This or that?

Published on January 5, 2026 at 8:49 PM

I do have a person from the past whose willing to right his wrongs. We've stayed up various nights just talking, laughing, wondering the 'what if', just cracks me up in the sense that he's someone who remembers me before it went downhill. I laugh endlessly thinking back about the person I used to be and who I am now, it's true when they say, "you'll be laughing about this 10 years," cause sure as hell I am. 
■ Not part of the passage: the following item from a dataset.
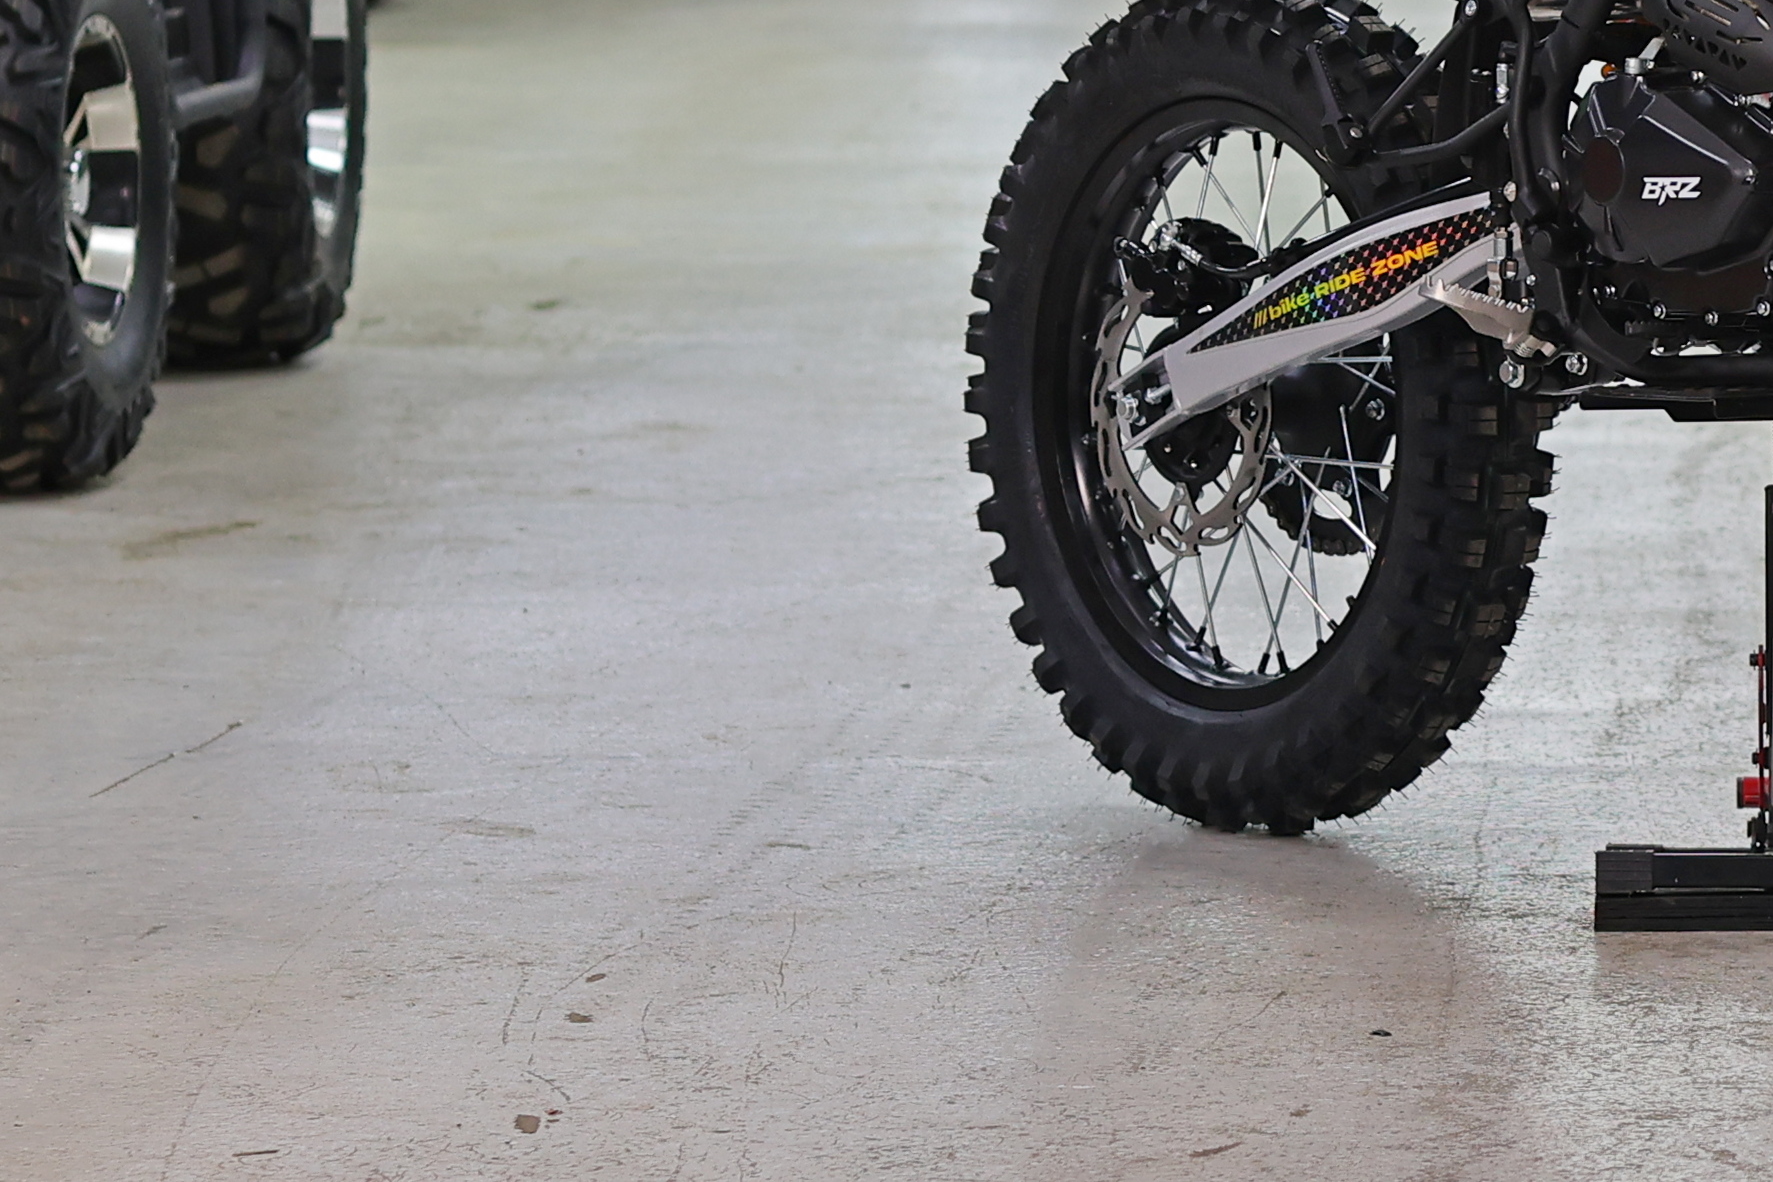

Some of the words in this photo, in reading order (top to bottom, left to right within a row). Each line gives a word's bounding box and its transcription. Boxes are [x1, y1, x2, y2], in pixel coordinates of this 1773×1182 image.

[1641, 176, 1702, 206] BRZ
[1268, 292, 1311, 321] bike
[1313, 267, 1367, 299] RIDE
[1370, 241, 1440, 276] ZONE
He asked me, what my baby daddy would have to do in order for me to take him back and honestly I wouldn't know because I can't think of anything. I've given that so-called man 5 years of loyalty and a son and he hasn't done anything to prove his worth. They say that having kids by various men isn't something to brag about but I read a post that said the first guy was just to see if you can have kids and I thought that was hilarious. I guess a major move that he would have to do is cut ties with his family, and I mean everyone. I can't stand them, makes my blood boil, better analogy Davy Jones wouldn't even want them on his ship. 
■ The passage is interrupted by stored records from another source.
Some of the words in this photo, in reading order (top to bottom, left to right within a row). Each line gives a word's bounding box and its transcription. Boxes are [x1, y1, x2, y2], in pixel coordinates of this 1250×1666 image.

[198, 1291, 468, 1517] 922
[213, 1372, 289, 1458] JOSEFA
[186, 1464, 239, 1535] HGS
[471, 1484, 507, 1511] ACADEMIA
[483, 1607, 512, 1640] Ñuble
I know I shouldn't care anymore but at the end of the day he was my longest relationship, I gave a lot to that man but he did take a lot, too. I can't see myself happy with him because it doesn't last, there's no consistency with that man but I don't know how I would another woman being with him, and the thought of him being intimate with someone else. 
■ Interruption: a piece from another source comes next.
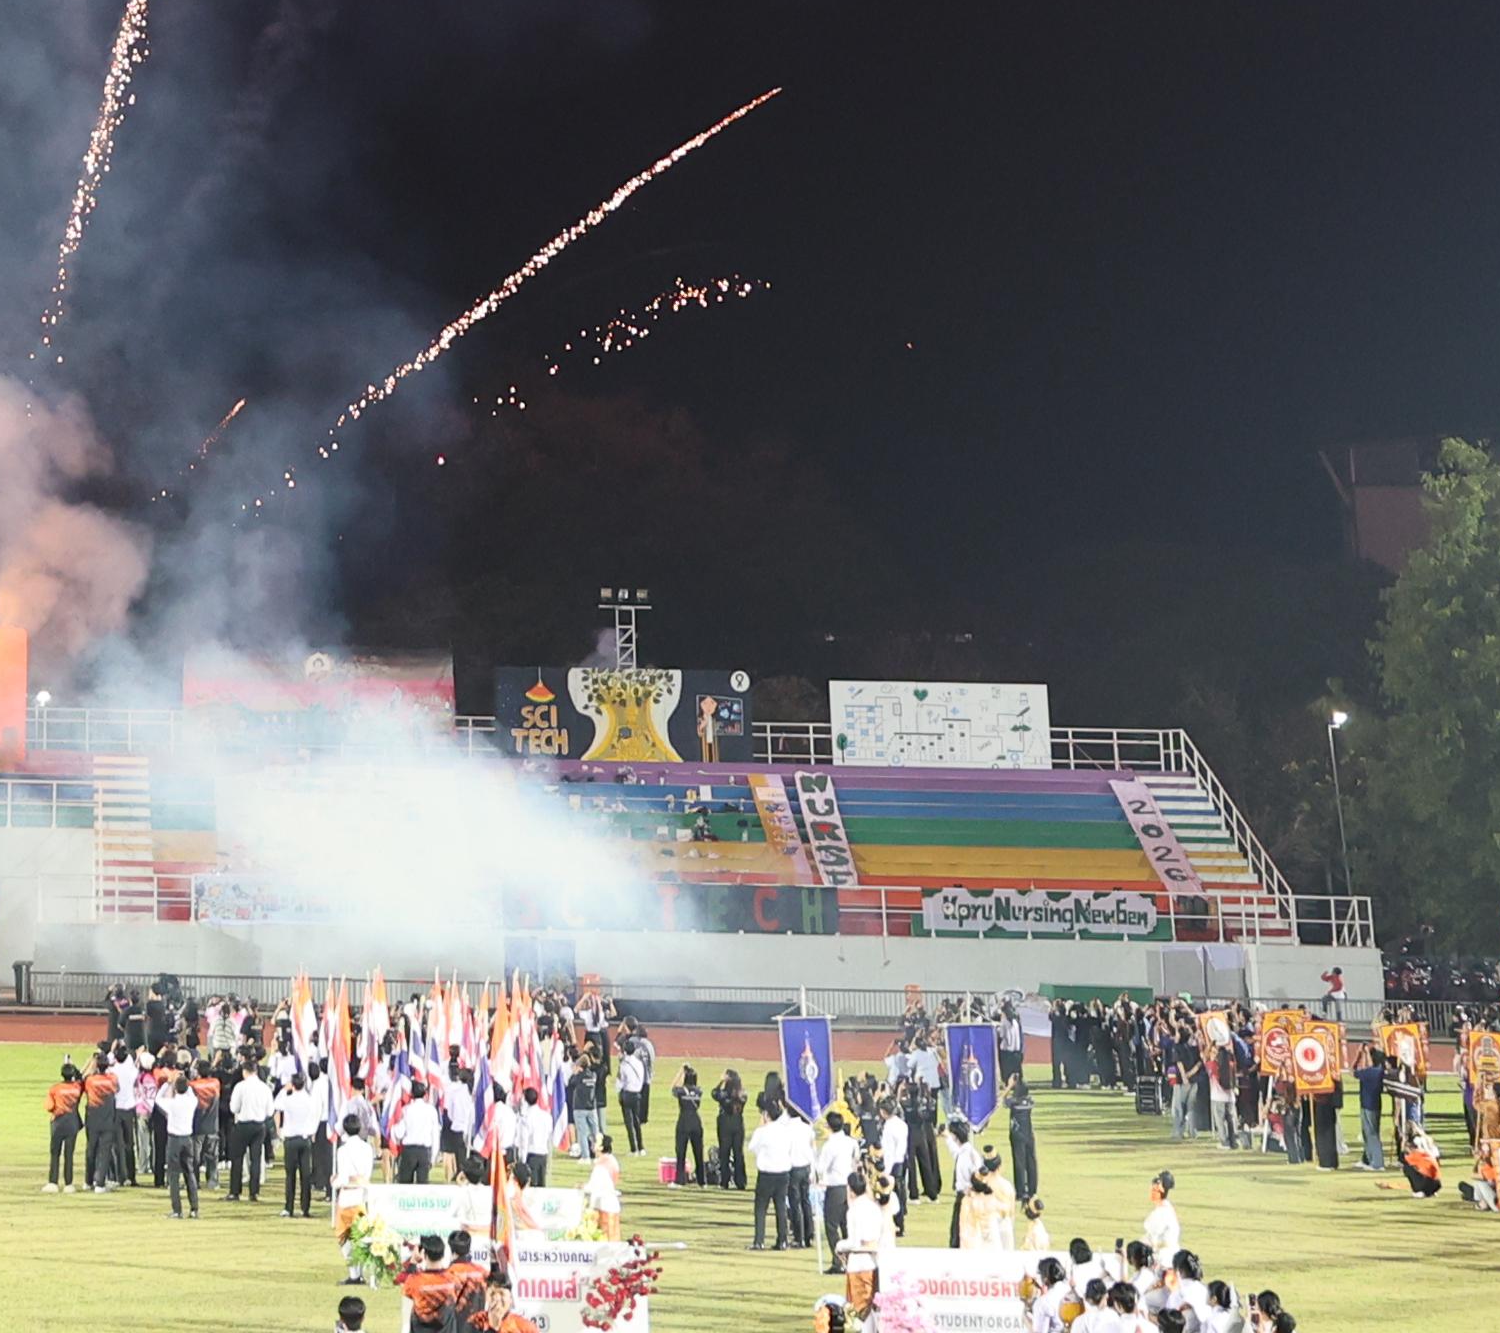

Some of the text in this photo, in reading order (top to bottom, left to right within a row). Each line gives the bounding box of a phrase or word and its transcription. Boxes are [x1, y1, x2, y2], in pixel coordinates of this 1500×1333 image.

[521, 704, 558, 729] SCI
[511, 727, 569, 756] TECH
[1127, 799, 1188, 883] 2026
[934, 1314, 984, 1328] STUDENT
But on the other hand this guy has had his fair share of the world, I mean this guy has collected bodies like no other, but he's willing to treat me how I should've been treated in the first place. And I know its cliché but he said his biggest regret was not fighting for us and I agreed, he knew the situation I was in and he was persistent in telling me that I was walking into a straight red flag. And his mother likes me, which is a plus and she has no negative comments on the fact that I have a son by someone else, she too help raise two kids that weren't hers, and that takes guts for either a man or woman to take care of kids that aren't theirs.